I saw this is done for a pull request but I can not understand how does it works
Added support for rolling back a tx if chaincode execution fails
Someone can give me an example how does it works?
EDIT
What I'm looking for is the concept of Transaction in database(unit of work) but in Hyperledger Fabric
Let's suppose that we are going to register a product for a list of clients, if there is a problem with the registration of the product in some customer then the operation is eliminated and the registration is not made to any client

The commit you linked is no longer relevant to current Hyperledger Fabric versions. This functionality was added before v1.0, which restructured the entire framework architecture.
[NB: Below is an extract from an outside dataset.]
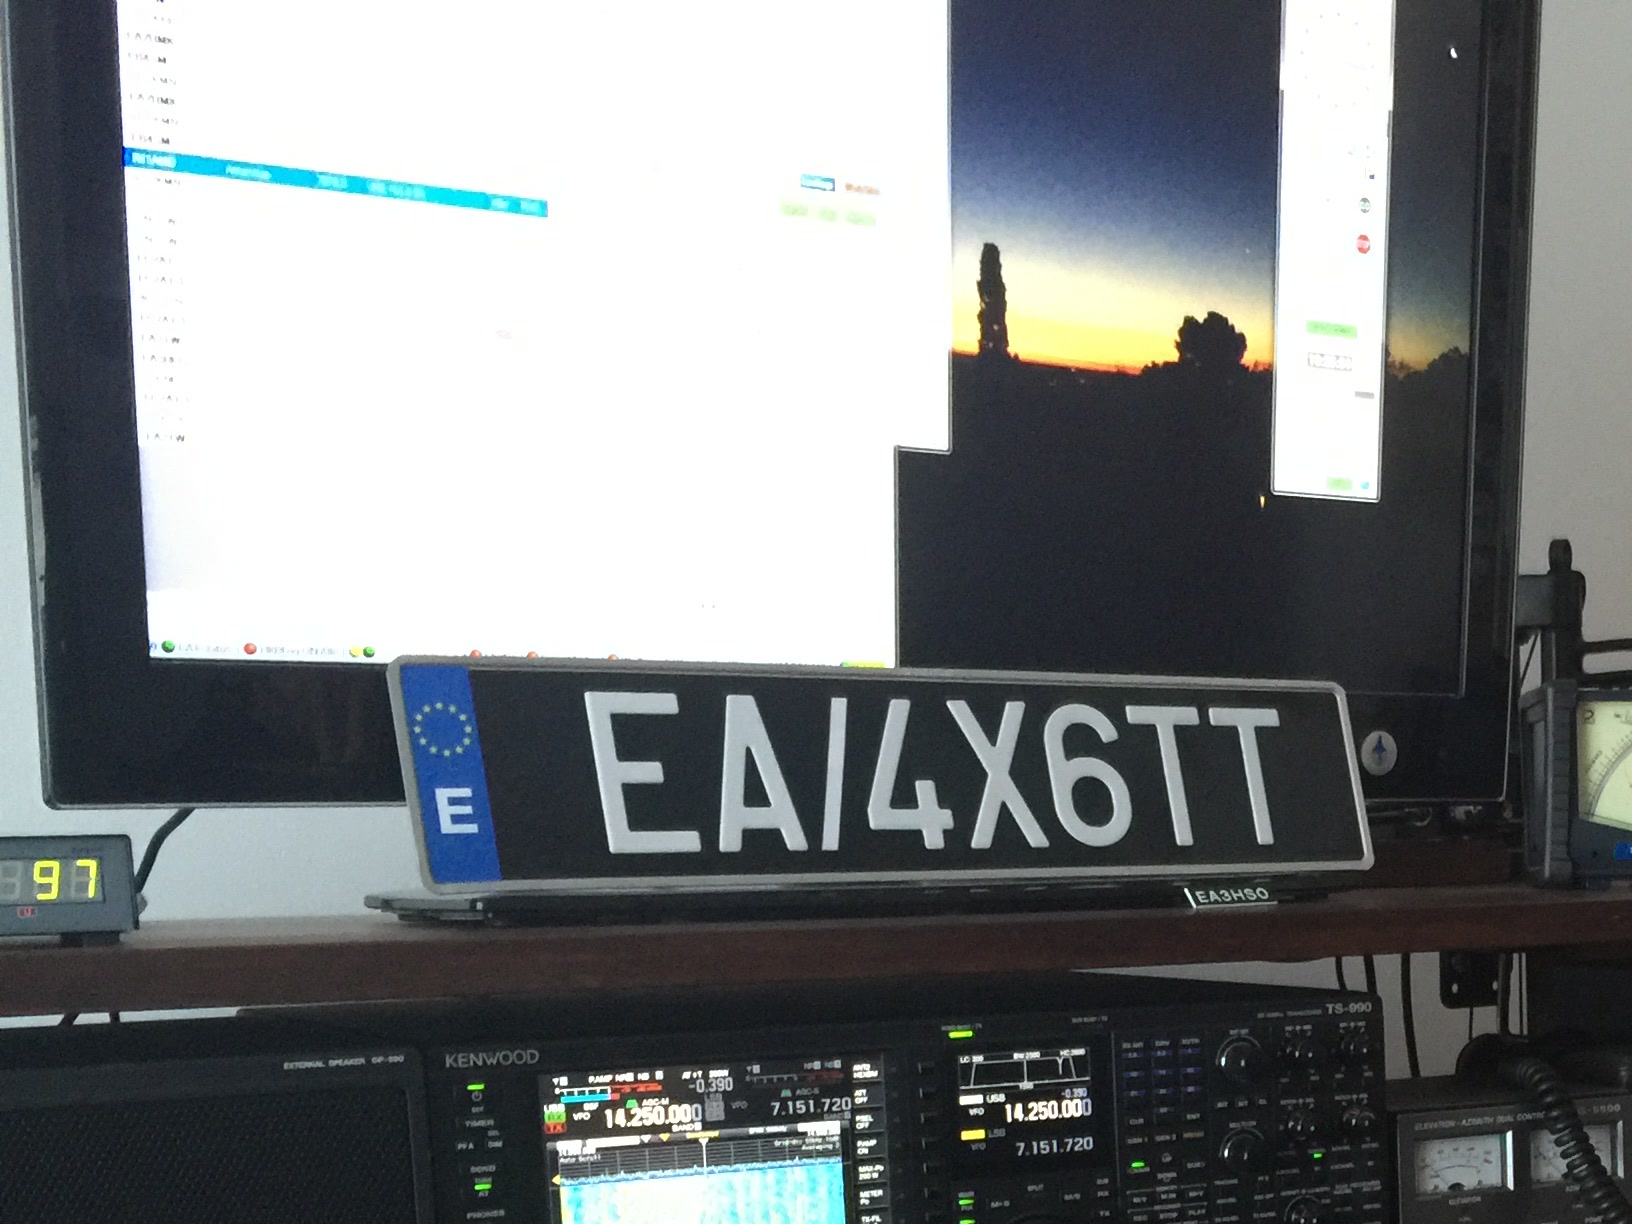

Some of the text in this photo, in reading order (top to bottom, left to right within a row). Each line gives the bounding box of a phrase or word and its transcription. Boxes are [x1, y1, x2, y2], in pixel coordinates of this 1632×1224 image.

As of v1.0+, transactions are first simulated by endorsers, which create a signed set of state changes resulting from the chaincode. If enough endorsers sign a transaction (according to an endorsement policy), the client can then send the transaction to the ordering service for inclusion in the ledger. A transaction that results in an error in the chaincode would never get to this point, because it would fail to gather the necessary endorsements due to the error. The client must modify the transaction or request a modification of the chaincode for it to work.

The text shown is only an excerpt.